Perlintasan itu tak pernah punya palang. Tak pernah punya penjaga. Hanya lintasan dan harapan kosong—harapan bahwa mereka yang melintas akan cukup beruntung untuk tidak disambar maut. Hari ini, harapan itu patah. Nyawa kembali terenggut.
Warga menangis. Tapi mereka juga marah. Karena tragedi ini bukan kali pertama. “Sudah berkali – kali kami sampaikan permintaan agar setiap perlintasan dilengkapi palang pintu. Tapi seolah tidak ada niat untuk menindaklanjuti. Apakah harus terus menunggu korban berikutnya?” kata Nurdin, tokoh masyarakat Simpang Durian, dengan mata berkaca-kaca dan suara bergetar.

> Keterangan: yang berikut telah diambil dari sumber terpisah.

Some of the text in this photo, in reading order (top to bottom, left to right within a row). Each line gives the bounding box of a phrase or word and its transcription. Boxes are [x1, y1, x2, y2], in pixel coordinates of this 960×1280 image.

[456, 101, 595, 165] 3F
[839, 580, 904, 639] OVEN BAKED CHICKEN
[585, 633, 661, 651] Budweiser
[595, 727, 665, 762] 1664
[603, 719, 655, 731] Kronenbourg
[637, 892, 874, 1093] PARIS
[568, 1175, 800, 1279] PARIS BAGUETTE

Sabtu siang, saat tanah masih merah dan tubuh korban belum lama diangkat, Nurdin berdiri di sisi rel, menggenggam amarah dan duka yang sama-sama dalam. Dilansir Ucupnews.com
Ia tak mengada-ada. Permintaan warga untuk palang pintu sudah disuarakan ke DPRD, ke PT Kereta Api Indonesia. Tapi jawaban selalu menggantung di awan birokrasi. Di bawahnya, warga tetap menyeberang rel setiap hari dengan doa dan rasa takut.
Tak hanya palang pintu, mereka juga mengeluhkan tak adanya pagar pembatas. Jalur kereta melintasi permukiman padat. Anak-anak bermain tak jauh dari rel. Orang tua mengantar cucu sekolah melintasi jalan itu. Dan semuanya hidup berdampingan dengan ancaman yang terus mengintai.

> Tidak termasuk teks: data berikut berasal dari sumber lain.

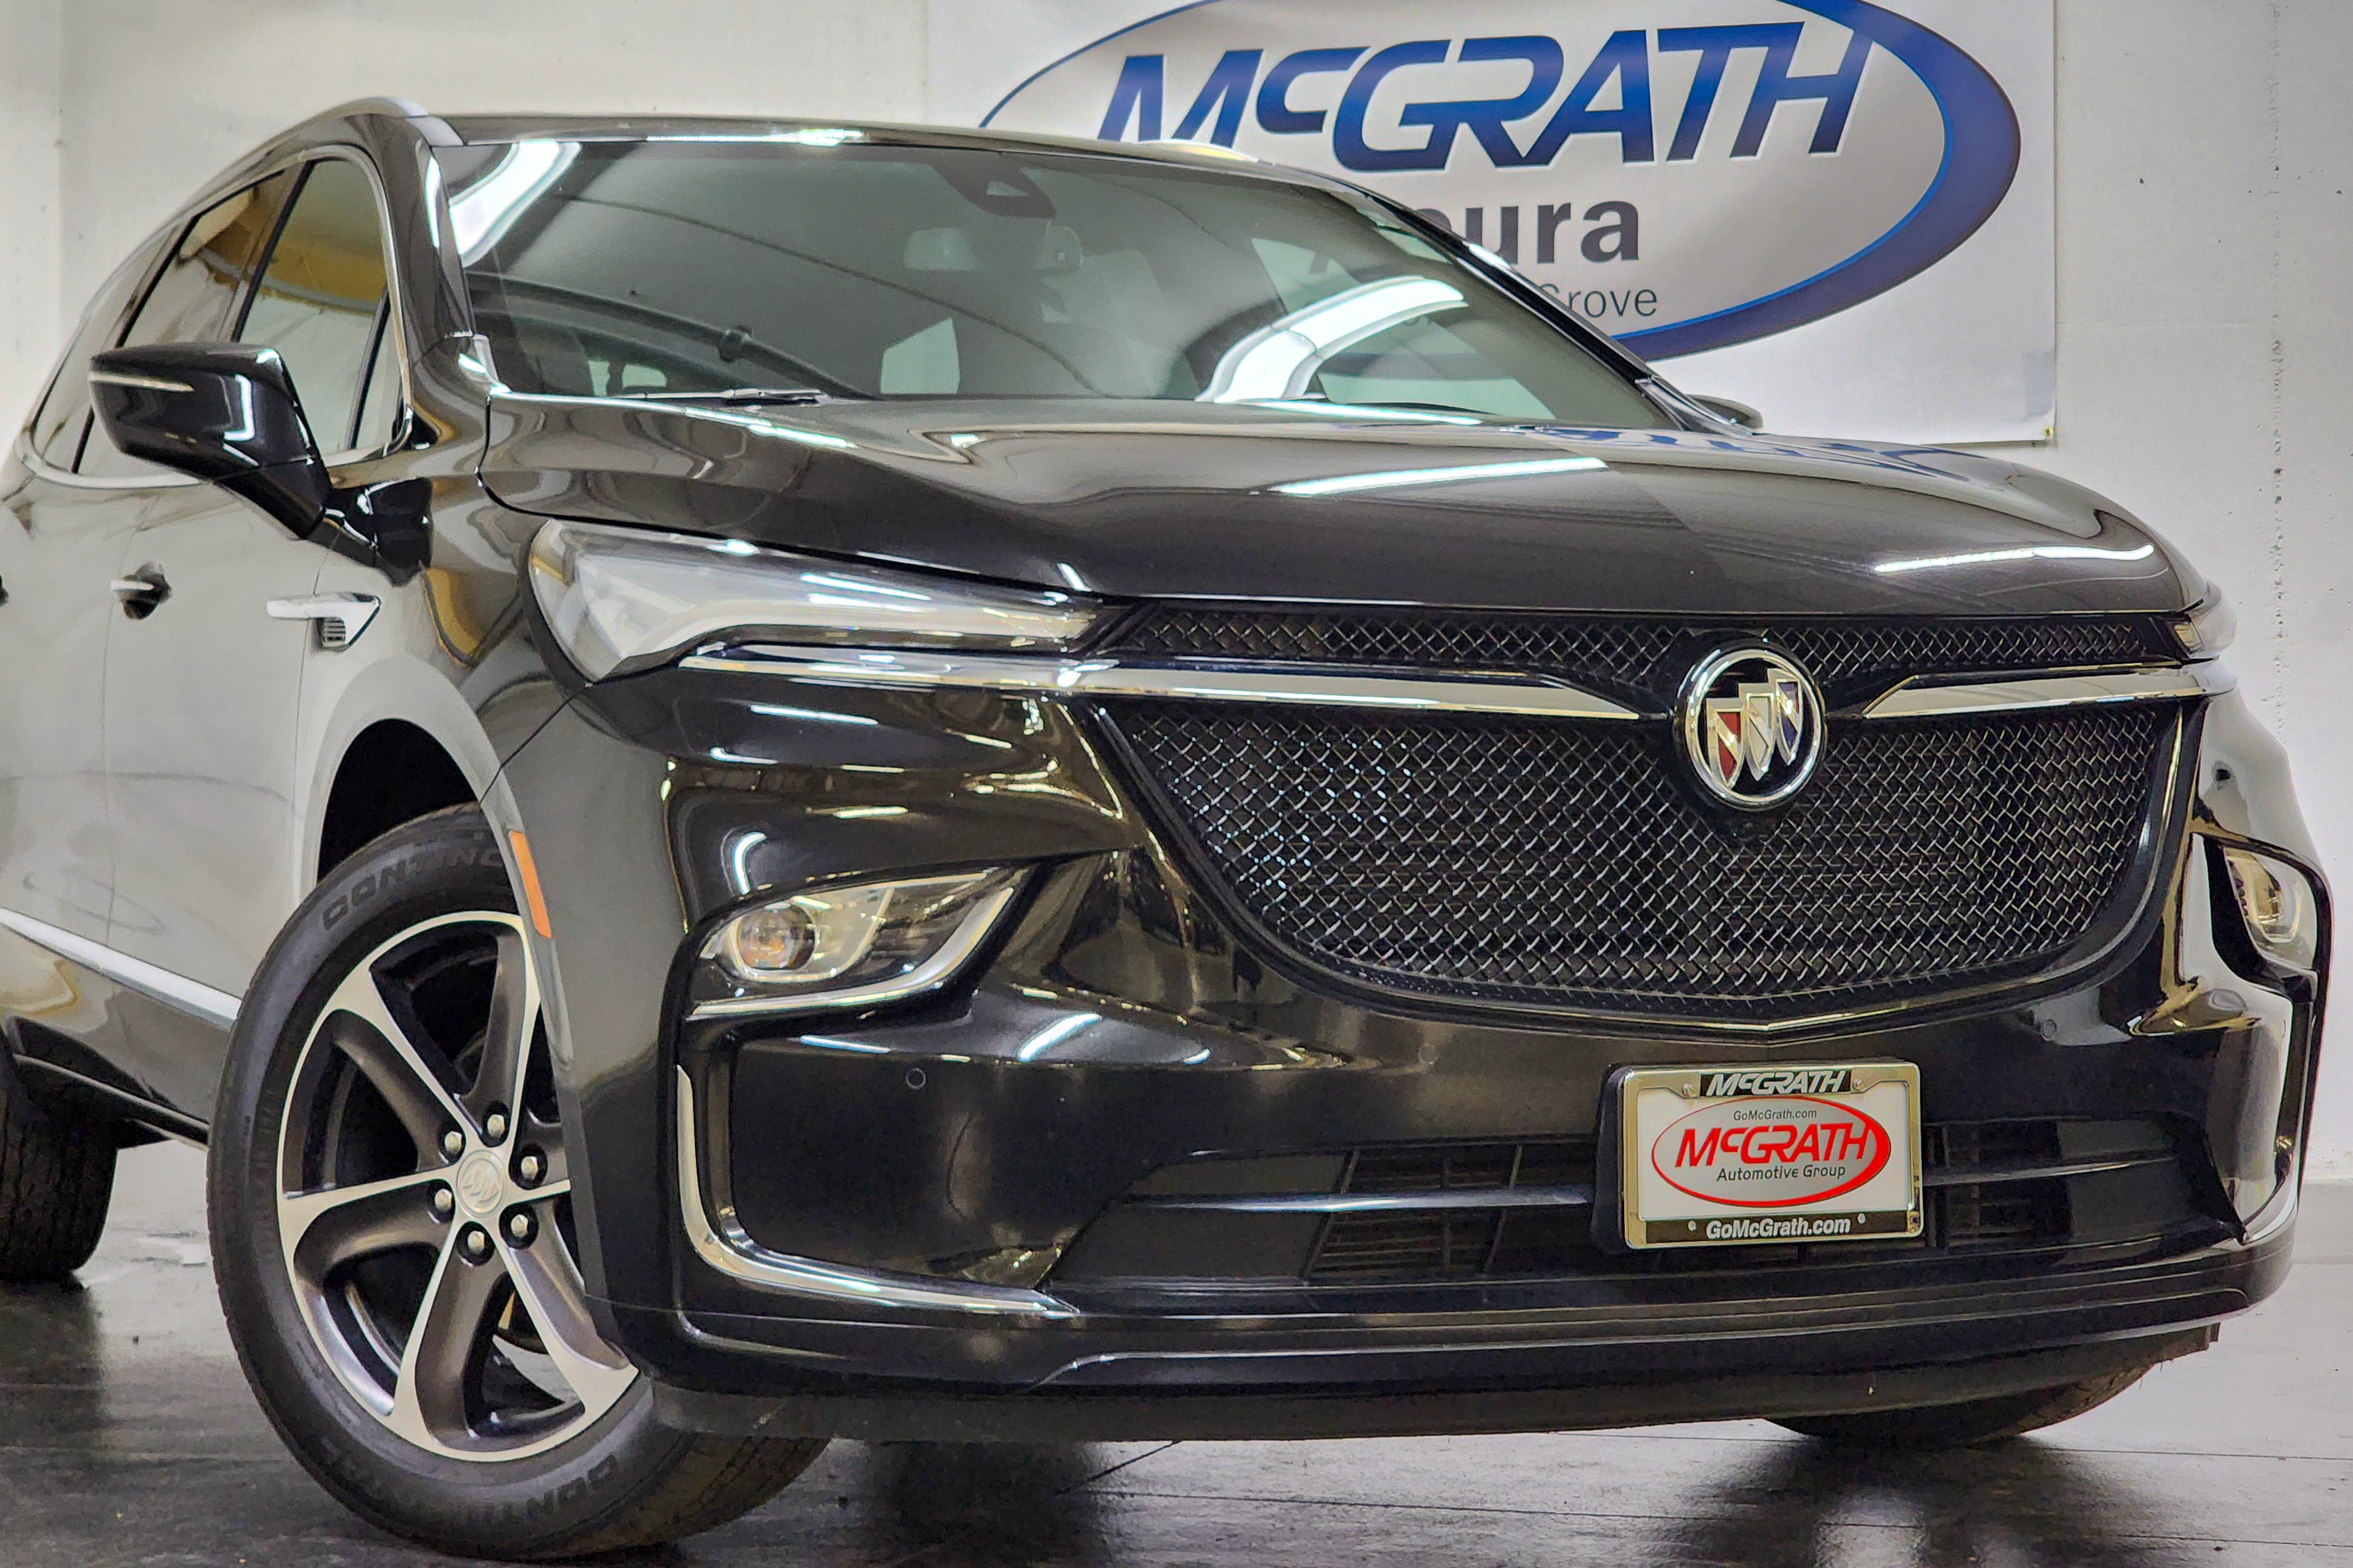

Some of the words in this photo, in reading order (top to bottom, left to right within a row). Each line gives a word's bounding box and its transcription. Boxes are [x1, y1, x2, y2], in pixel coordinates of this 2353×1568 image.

[1415, 201, 1640, 265] ura
[1733, 1109, 1817, 1120] GoMcGrath.com
[1717, 1165, 1798, 1181] Automotive
[1802, 1165, 1846, 1180] Group
[1706, 1217, 1850, 1239] GoMcGrath.com

Kini, ancaman itu telah memakan korban lagi. M. Butar Butar bukan sekadar angka. Ia ayah, ia suami, ia tetangga yang dikenal ramah di pasar. Tapi namanya kini hanya tinggal kenangan—dan pertanyaan yang menggema di telinga semua warga: haruskah ada yang mati dulu untuk didengar?
Pemerintah daerah dan PT KAI kini dihadapkan pada tuntutan moral yang tak bisa lagi ditunda. Bukan soal anggaran. Ini soal nyawa. Soal rasa aman rakyat yang selama ini diabaikan.
Masyarakat Simpang Durian tidak meminta istana. Mereka hanya minta palang. Dan kesempatan hidup yang lebih panjang. (Red)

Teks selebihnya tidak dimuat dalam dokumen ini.